WHAT THE TASK ASKS: Reproduce all the records word for word. Omit images.

DATA EXCERPTS:
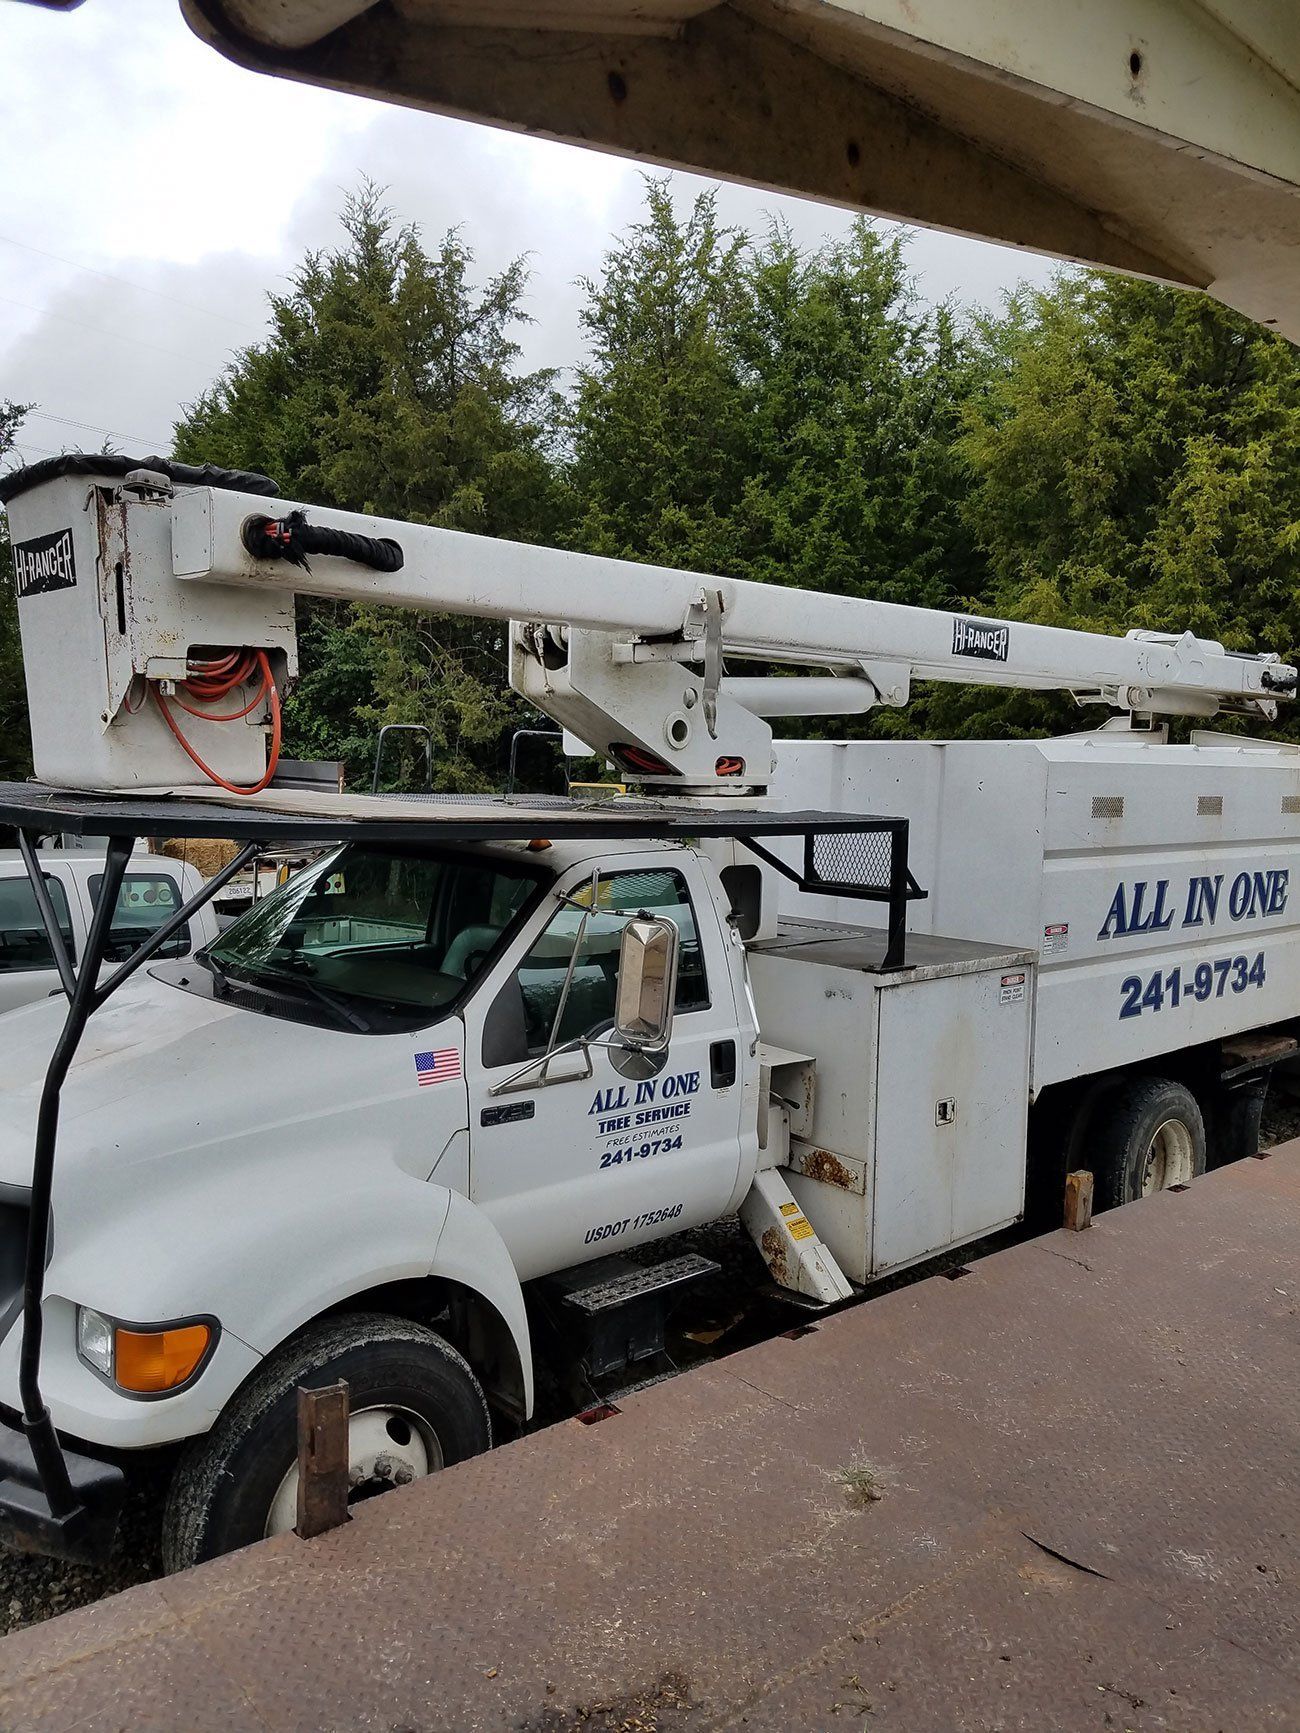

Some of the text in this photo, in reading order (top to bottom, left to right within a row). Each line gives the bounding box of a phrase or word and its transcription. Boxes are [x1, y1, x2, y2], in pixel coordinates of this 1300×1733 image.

[13, 532, 74, 596] HI-RANGER
[954, 619, 1007, 660] HI-RANGER
[1097, 869, 1289, 941] ALL IN ONE
[1119, 951, 1266, 1020] 241-9734
[588, 1085, 630, 1115] ALL
[634, 1079, 658, 1105] IN
[662, 1071, 700, 1099] ONE
[598, 1102, 691, 1134] TREE SERVICE
[606, 1124, 680, 1148] FREE ESTIMATES
[599, 1135, 683, 1169] 241-9734
[584, 1203, 683, 1244] USDOT 1752648

EXERCISE RESULT:
Some of the text in this photo, in reading order (top to bottom, left to right within a row). Each line gives the bounding box of a phrase or word and its transcription. Boxes are [x1, y1, x2, y2], in pixel coordinates of this 1300×1733 image.

[13, 532, 74, 596] HI-RANGER
[954, 619, 1007, 660] HI-RANGER
[1097, 869, 1289, 941] ALL IN ONE
[1119, 951, 1266, 1020] 241-9734
[588, 1085, 630, 1115] ALL
[634, 1079, 658, 1105] IN
[662, 1071, 700, 1099] ONE
[598, 1102, 691, 1134] TREE SERVICE
[606, 1124, 680, 1148] FREE ESTIMATES
[599, 1135, 683, 1169] 241-9734
[584, 1203, 683, 1244] USDOT 1752648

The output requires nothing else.